Heroines threads through generations.
Inspired by British heroines who transcend their era – Elizabeth I and II, Shakespeare’s Titania, Queen Victoria, Woolf’s’ Orlando – the collection spans time and fiction.
Centred on wool, the pieces emerge from native craft techniques. Lace details and asymmetric cuts explore modern and traditional possibilities.
Using historic references and contemporary twists, the youth/age dichotomy is also eroded.
As in literature, fixed past and present collapse.
Home of the Clan Maclean, The Isle of Mull explores place and identity.
A collection of beauty and severity, pieces draw on the Clan Motto “Bàs no Beatha ("Death or life").

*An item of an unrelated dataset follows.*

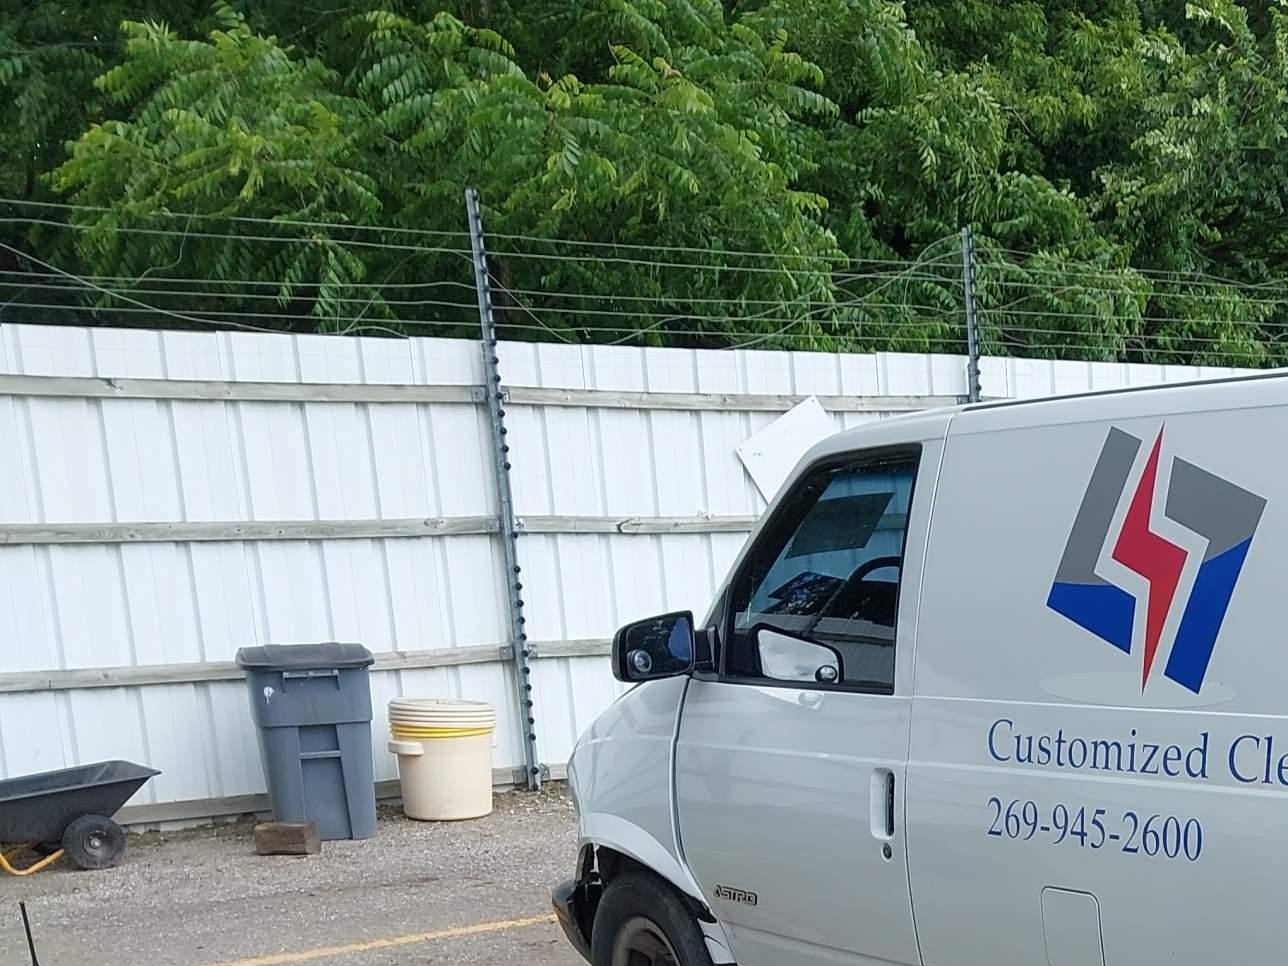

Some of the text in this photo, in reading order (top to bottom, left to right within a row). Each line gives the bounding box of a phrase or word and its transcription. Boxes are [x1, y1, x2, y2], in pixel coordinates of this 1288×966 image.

[987, 717, 1209, 780] Customized
[987, 796, 1203, 863] 269-945-2600
[713, 884, 758, 906] ASTRO

Tartan represents recent Scottish history, whilst ginger hues emphasize the distinctive history of the Island – its indigenous rose marble and curious ginger yaks.
A dishevelled and angular quality to the clothing reflects the wild landscape, and the harshness of life on the Island – its cold climate and splintered shipwrecks.
"A terrible disaster for the Romans occurred in Britain... ruin was brought upon the Romans by a woman, a fact which in itself caused them the greatest shame...
"Boudica, a Briton woman of the royal family...was very tall, in appearance most terrifying, in the glance of her eye most fierce...
"a great mass of the tawniest hair fell to her hips; around her neck was a large golden necklace, and she wore a tunic of divers colours”
(Cassius Dio, Roman History)
Shapes of rotating knives, colours of faded blood - the collection emphasizes the power of this legendary warrior.
Soft organzas and fleshy tones equally celebrate her feminine identity which scandalized her Roman opponents.
The economic and financial function of men determines their social value.
Focusing on mining – a quintessential occupation of the male “working class” – menswear challenges this basis of worth, playing with its inconsistencies.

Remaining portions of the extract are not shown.